En nuestro hogar, desde el comienzo fuimos obedientes. Salíamos sólo en vehículo, para extraer dinero del cajero y comprar lo esencial en los comercios de cercanía. De golpe y porrazo, las calles del pueblo estaban vacías. Con el tiempo nos acostumbraríamos a usar el barbijo, a respetar los protocolos de bioseguridad y nos iríamos adaptando a esta “nueva normalidad”.
Recuerdo las primeras salidas hasta el pueblo.

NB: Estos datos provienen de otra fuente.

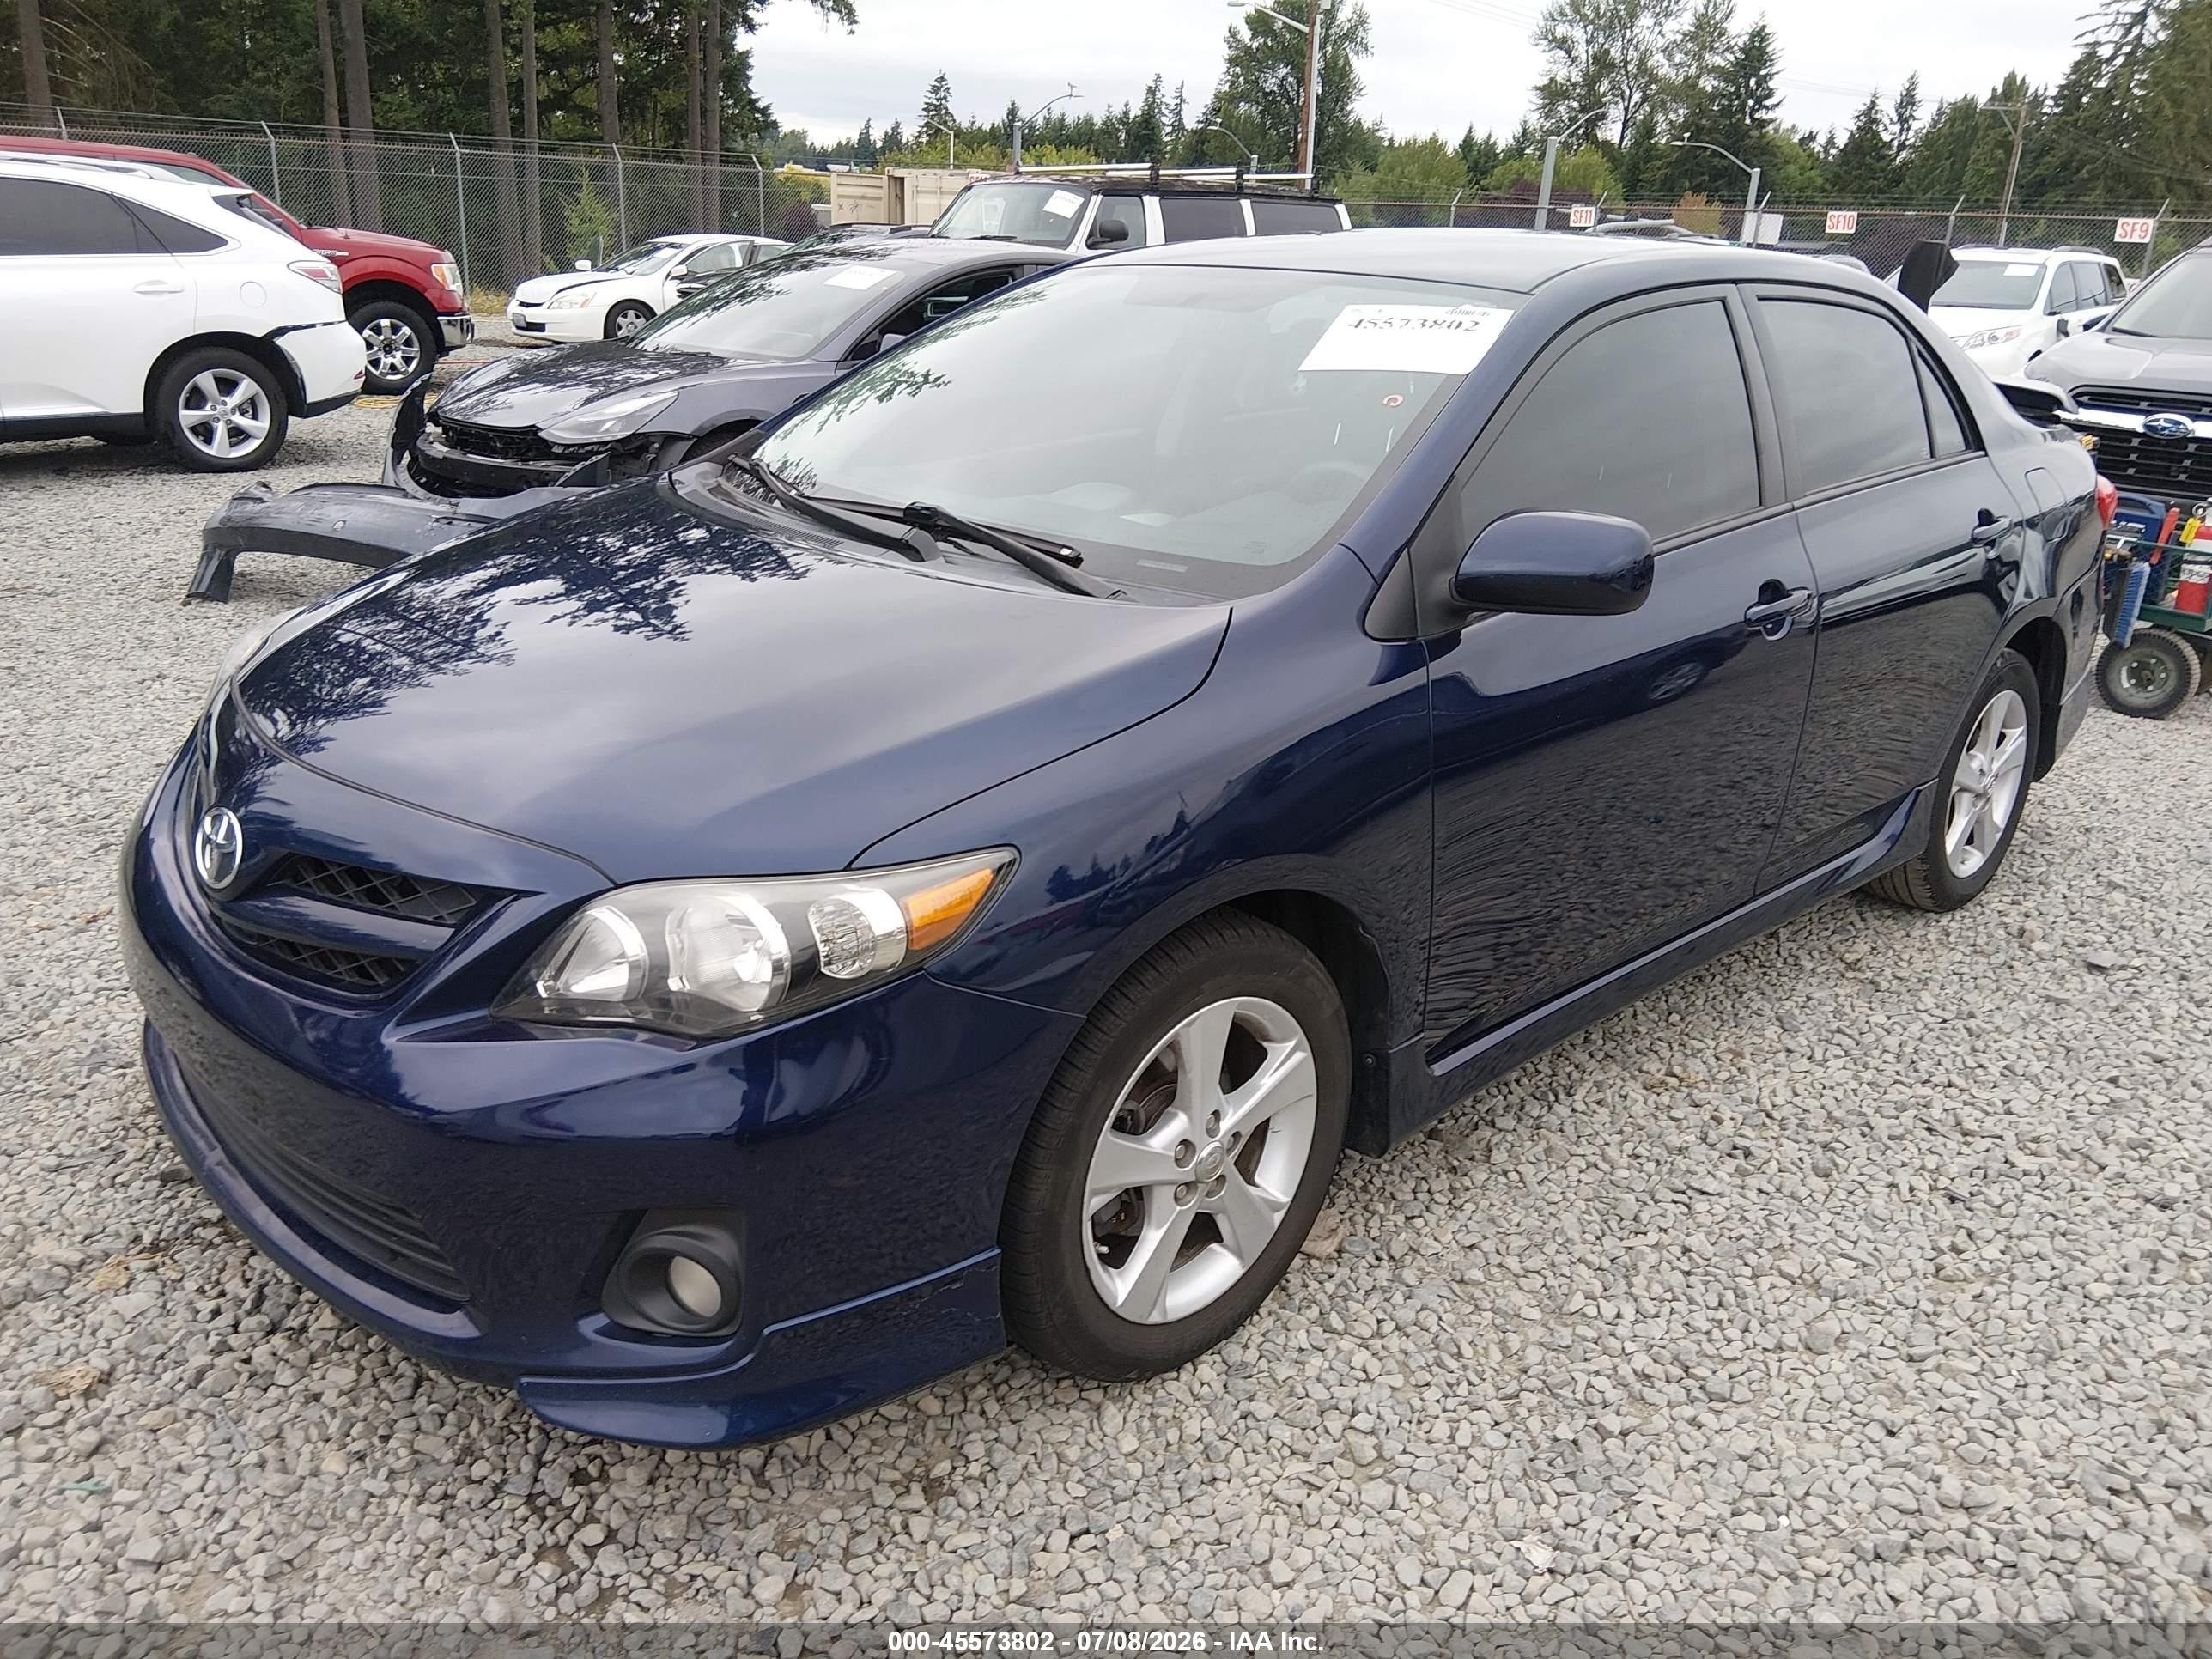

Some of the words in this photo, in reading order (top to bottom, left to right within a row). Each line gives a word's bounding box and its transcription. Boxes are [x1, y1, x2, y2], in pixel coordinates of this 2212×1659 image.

[1572, 209, 1593, 224] SF11
[1828, 214, 1855, 230] SF10
[2118, 221, 2150, 240] SF9

Estacionábamos frente a la plaza. Yo iba hasta el cajero sucursal del Banco Provincia de Córdoba, que se encuentra a media cuadra de allí, y extraía rápidamente el dinero. Luego volvía y esperaba en el auto junto a mi niña; mientras mi marido iba a la farmacia a comprar alcohol; producto que se convertiría en uno de nuestros esenciales.
En ese entonces, todo era extraño, nuevo, peligroso.
Yo me quedaba melancólica, observando la plaza vacía. Según versa la historia de Tanti, la plaza 25 de mayo se creó en 1946, al contar con alrededor de 1500 habitantes, la comunidad encontró un punto de reunión con la creación de este lugar en un terreno triangular donado por la vecina Dolores Roldán, en la zona que hoy se considera céntrica.
Es de cemento con un mástil en el centro donde se iza la bandera en los actos protocolares. Es una típica plaza del ayuntamiento pensada para actividades del municipio. Como espacio de memoria tiene monumentos conmemorativos y placas recordatorias. Hay una escultura que simula ser una casa pozo con un comechingón y en un extremo un busto de un prócer de la guerra de Malvinas.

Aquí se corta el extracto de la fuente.